DATASET EXCERPTS:
= = =
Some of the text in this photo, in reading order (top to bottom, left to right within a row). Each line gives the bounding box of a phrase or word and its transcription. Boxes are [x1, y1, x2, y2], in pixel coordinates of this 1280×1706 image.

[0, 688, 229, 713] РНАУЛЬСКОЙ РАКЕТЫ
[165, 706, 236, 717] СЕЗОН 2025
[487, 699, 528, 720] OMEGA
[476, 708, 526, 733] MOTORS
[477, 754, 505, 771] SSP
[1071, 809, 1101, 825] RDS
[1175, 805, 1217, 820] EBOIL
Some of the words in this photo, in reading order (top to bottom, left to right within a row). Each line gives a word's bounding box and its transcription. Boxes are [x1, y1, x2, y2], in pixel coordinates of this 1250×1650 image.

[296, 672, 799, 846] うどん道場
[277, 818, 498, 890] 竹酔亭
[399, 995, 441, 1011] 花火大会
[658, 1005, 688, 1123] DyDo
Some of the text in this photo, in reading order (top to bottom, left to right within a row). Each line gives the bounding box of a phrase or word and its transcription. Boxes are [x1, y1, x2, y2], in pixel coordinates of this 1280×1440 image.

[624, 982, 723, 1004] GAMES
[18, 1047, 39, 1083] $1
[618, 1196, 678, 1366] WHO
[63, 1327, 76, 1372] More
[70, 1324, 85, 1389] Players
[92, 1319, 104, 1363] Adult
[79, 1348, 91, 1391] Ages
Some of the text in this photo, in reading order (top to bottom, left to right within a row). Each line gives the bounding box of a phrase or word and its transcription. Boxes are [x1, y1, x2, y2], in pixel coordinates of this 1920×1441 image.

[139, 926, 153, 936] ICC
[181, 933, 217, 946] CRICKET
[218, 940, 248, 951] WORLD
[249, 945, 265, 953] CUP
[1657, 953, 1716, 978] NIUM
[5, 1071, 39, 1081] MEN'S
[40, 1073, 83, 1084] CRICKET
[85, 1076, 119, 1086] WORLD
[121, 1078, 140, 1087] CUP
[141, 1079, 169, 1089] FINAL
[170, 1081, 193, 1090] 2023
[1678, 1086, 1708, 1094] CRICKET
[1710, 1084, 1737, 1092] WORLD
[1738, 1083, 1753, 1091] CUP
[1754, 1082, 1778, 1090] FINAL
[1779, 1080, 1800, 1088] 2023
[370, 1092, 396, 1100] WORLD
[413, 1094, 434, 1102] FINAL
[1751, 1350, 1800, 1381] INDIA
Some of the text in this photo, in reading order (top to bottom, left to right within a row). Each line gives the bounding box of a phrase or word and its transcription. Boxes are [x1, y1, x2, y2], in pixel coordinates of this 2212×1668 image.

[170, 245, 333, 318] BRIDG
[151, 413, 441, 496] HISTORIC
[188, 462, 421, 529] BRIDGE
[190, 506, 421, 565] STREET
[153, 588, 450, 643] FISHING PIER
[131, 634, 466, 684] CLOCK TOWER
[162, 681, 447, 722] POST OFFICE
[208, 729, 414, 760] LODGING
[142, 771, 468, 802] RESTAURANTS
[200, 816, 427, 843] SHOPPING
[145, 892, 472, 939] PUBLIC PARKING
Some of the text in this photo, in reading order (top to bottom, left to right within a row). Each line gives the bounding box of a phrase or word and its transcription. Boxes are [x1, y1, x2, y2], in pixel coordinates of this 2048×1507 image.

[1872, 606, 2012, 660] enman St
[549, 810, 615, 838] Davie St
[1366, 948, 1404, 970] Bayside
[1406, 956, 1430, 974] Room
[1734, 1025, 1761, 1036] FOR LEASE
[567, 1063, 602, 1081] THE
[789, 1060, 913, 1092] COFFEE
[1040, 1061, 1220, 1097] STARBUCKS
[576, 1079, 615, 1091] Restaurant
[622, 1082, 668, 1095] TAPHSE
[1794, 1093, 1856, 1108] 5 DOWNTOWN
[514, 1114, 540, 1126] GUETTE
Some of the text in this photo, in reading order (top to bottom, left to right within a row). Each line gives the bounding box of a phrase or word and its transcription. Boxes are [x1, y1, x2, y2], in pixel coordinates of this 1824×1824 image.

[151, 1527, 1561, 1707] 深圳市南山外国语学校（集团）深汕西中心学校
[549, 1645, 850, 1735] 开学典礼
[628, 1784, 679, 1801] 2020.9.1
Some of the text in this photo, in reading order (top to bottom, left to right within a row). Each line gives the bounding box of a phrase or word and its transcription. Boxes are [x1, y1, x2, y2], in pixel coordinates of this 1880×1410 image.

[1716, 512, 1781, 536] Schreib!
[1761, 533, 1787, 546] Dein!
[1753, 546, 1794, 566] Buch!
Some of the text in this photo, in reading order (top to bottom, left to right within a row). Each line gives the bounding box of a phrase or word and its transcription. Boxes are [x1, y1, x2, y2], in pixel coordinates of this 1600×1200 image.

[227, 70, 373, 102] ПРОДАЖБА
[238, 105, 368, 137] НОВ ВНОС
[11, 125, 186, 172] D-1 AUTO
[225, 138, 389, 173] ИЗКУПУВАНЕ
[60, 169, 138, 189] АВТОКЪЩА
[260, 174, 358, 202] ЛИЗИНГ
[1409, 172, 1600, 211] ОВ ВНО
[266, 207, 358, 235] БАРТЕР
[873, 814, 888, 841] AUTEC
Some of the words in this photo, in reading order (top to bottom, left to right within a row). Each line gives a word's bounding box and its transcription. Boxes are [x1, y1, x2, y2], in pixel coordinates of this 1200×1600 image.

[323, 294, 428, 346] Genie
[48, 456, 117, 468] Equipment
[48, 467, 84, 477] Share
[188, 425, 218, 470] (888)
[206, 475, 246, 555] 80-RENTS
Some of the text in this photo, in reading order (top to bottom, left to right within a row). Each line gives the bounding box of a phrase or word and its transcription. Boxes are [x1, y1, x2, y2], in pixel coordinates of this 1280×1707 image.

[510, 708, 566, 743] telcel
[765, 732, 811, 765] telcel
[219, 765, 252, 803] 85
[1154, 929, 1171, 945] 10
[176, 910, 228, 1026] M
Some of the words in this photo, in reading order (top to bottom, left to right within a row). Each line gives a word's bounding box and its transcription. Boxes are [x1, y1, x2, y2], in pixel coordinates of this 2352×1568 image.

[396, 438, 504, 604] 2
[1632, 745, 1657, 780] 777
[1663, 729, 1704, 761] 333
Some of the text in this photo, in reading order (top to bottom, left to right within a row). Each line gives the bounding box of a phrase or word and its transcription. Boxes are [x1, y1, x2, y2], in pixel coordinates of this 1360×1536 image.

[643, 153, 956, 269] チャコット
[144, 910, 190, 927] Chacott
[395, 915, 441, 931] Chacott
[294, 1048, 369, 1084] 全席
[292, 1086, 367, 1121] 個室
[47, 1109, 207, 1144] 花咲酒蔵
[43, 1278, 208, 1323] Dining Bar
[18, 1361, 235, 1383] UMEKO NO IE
= = =
TASK OBJECTIVE: Keeping each word as it stands, transcribe every entry.

OUTPUT FOR THIS EXERCISE:
Some of the text in this photo, in reading order (top to bottom, left to right within a row). Each line gives the bounding box of a phrase or word and its transcription. Boxes are [x1, y1, x2, y2], in pixel coordinates of this 1280×1706 image.

[0, 688, 229, 713] РНАУЛЬСКОЙ РАКЕТЫ
[165, 706, 236, 717] СЕЗОН 2025
[487, 699, 528, 720] OMEGA
[476, 708, 526, 733] MOTORS
[477, 754, 505, 771] SSP
[1071, 809, 1101, 825] RDS
[1175, 805, 1217, 820] EBOIL
Some of the words in this photo, in reading order (top to bottom, left to right within a row). Each line gives a word's bounding box and its transcription. Boxes are [x1, y1, x2, y2], in pixel coordinates of this 1250×1650 image.

[296, 672, 799, 846] うどん道場
[277, 818, 498, 890] 竹酔亭
[399, 995, 441, 1011] 花火大会
[658, 1005, 688, 1123] DyDo
Some of the text in this photo, in reading order (top to bottom, left to right within a row). Each line gives the bounding box of a phrase or word and its transcription. Boxes are [x1, y1, x2, y2], in pixel coordinates of this 1280×1440 image.

[624, 982, 723, 1004] GAMES
[18, 1047, 39, 1083] $1
[618, 1196, 678, 1366] WHO
[63, 1327, 76, 1372] More
[70, 1324, 85, 1389] Players
[92, 1319, 104, 1363] Adult
[79, 1348, 91, 1391] Ages
Some of the text in this photo, in reading order (top to bottom, left to right within a row). Each line gives the bounding box of a phrase or word and its transcription. Boxes are [x1, y1, x2, y2], in pixel coordinates of this 1920×1441 image.

[139, 926, 153, 936] ICC
[181, 933, 217, 946] CRICKET
[218, 940, 248, 951] WORLD
[249, 945, 265, 953] CUP
[1657, 953, 1716, 978] NIUM
[5, 1071, 39, 1081] MEN'S
[40, 1073, 83, 1084] CRICKET
[85, 1076, 119, 1086] WORLD
[121, 1078, 140, 1087] CUP
[141, 1079, 169, 1089] FINAL
[170, 1081, 193, 1090] 2023
[1678, 1086, 1708, 1094] CRICKET
[1710, 1084, 1737, 1092] WORLD
[1738, 1083, 1753, 1091] CUP
[1754, 1082, 1778, 1090] FINAL
[1779, 1080, 1800, 1088] 2023
[370, 1092, 396, 1100] WORLD
[413, 1094, 434, 1102] FINAL
[1751, 1350, 1800, 1381] INDIA
Some of the text in this photo, in reading order (top to bottom, left to right within a row). Each line gives the bounding box of a phrase or word and its transcription. Boxes are [x1, y1, x2, y2], in pixel coordinates of this 2212×1668 image.

[170, 245, 333, 318] BRIDG
[151, 413, 441, 496] HISTORIC
[188, 462, 421, 529] BRIDGE
[190, 506, 421, 565] STREET
[153, 588, 450, 643] FISHING PIER
[131, 634, 466, 684] CLOCK TOWER
[162, 681, 447, 722] POST OFFICE
[208, 729, 414, 760] LODGING
[142, 771, 468, 802] RESTAURANTS
[200, 816, 427, 843] SHOPPING
[145, 892, 472, 939] PUBLIC PARKING
Some of the text in this photo, in reading order (top to bottom, left to right within a row). Each line gives the bounding box of a phrase or word and its transcription. Boxes are [x1, y1, x2, y2], in pixel coordinates of this 2048×1507 image.

[1872, 606, 2012, 660] enman St
[549, 810, 615, 838] Davie St
[1366, 948, 1404, 970] Bayside
[1406, 956, 1430, 974] Room
[1734, 1025, 1761, 1036] FOR LEASE
[567, 1063, 602, 1081] THE
[789, 1060, 913, 1092] COFFEE
[1040, 1061, 1220, 1097] STARBUCKS
[576, 1079, 615, 1091] Restaurant
[622, 1082, 668, 1095] TAPHSE
[1794, 1093, 1856, 1108] 5 DOWNTOWN
[514, 1114, 540, 1126] GUETTE
Some of the text in this photo, in reading order (top to bottom, left to right within a row). Each line gives the bounding box of a phrase or word and its transcription. Boxes are [x1, y1, x2, y2], in pixel coordinates of this 1824×1824 image.

[151, 1527, 1561, 1707] 深圳市南山外国语学校（集团）深汕西中心学校
[549, 1645, 850, 1735] 开学典礼
[628, 1784, 679, 1801] 2020.9.1
Some of the text in this photo, in reading order (top to bottom, left to right within a row). Each line gives the bounding box of a phrase or word and its transcription. Boxes are [x1, y1, x2, y2], in pixel coordinates of this 1880×1410 image.

[1716, 512, 1781, 536] Schreib!
[1761, 533, 1787, 546] Dein!
[1753, 546, 1794, 566] Buch!
Some of the text in this photo, in reading order (top to bottom, left to right within a row). Each line gives the bounding box of a phrase or word and its transcription. Boxes are [x1, y1, x2, y2], in pixel coordinates of this 1600×1200 image.

[227, 70, 373, 102] ПРОДАЖБА
[238, 105, 368, 137] НОВ ВНОС
[11, 125, 186, 172] D-1 AUTO
[225, 138, 389, 173] ИЗКУПУВАНЕ
[60, 169, 138, 189] АВТОКЪЩА
[260, 174, 358, 202] ЛИЗИНГ
[1409, 172, 1600, 211] ОВ ВНО
[266, 207, 358, 235] БАРТЕР
[873, 814, 888, 841] AUTEC
Some of the words in this photo, in reading order (top to bottom, left to right within a row). Each line gives a word's bounding box and its transcription. Boxes are [x1, y1, x2, y2], in pixel coordinates of this 1200×1600 image.

[323, 294, 428, 346] Genie
[48, 456, 117, 468] Equipment
[48, 467, 84, 477] Share
[188, 425, 218, 470] (888)
[206, 475, 246, 555] 80-RENTS
Some of the text in this photo, in reading order (top to bottom, left to right within a row). Each line gives the bounding box of a phrase or word and its transcription. Boxes are [x1, y1, x2, y2], in pixel coordinates of this 1280×1707 image.

[510, 708, 566, 743] telcel
[765, 732, 811, 765] telcel
[219, 765, 252, 803] 85
[1154, 929, 1171, 945] 10
[176, 910, 228, 1026] M
Some of the words in this photo, in reading order (top to bottom, left to right within a row). Each line gives a word's bounding box and its transcription. Boxes are [x1, y1, x2, y2], in pixel coordinates of this 2352×1568 image.

[396, 438, 504, 604] 2
[1632, 745, 1657, 780] 777
[1663, 729, 1704, 761] 333
Some of the text in this photo, in reading order (top to bottom, left to right within a row). Each line gives the bounding box of a phrase or word and its transcription. Boxes are [x1, y1, x2, y2], in pixel coordinates of this 1360×1536 image.

[643, 153, 956, 269] チャコット
[144, 910, 190, 927] Chacott
[395, 915, 441, 931] Chacott
[294, 1048, 369, 1084] 全席
[292, 1086, 367, 1121] 個室
[47, 1109, 207, 1144] 花咲酒蔵
[43, 1278, 208, 1323] Dining Bar
[18, 1361, 235, 1383] UMEKO NO IE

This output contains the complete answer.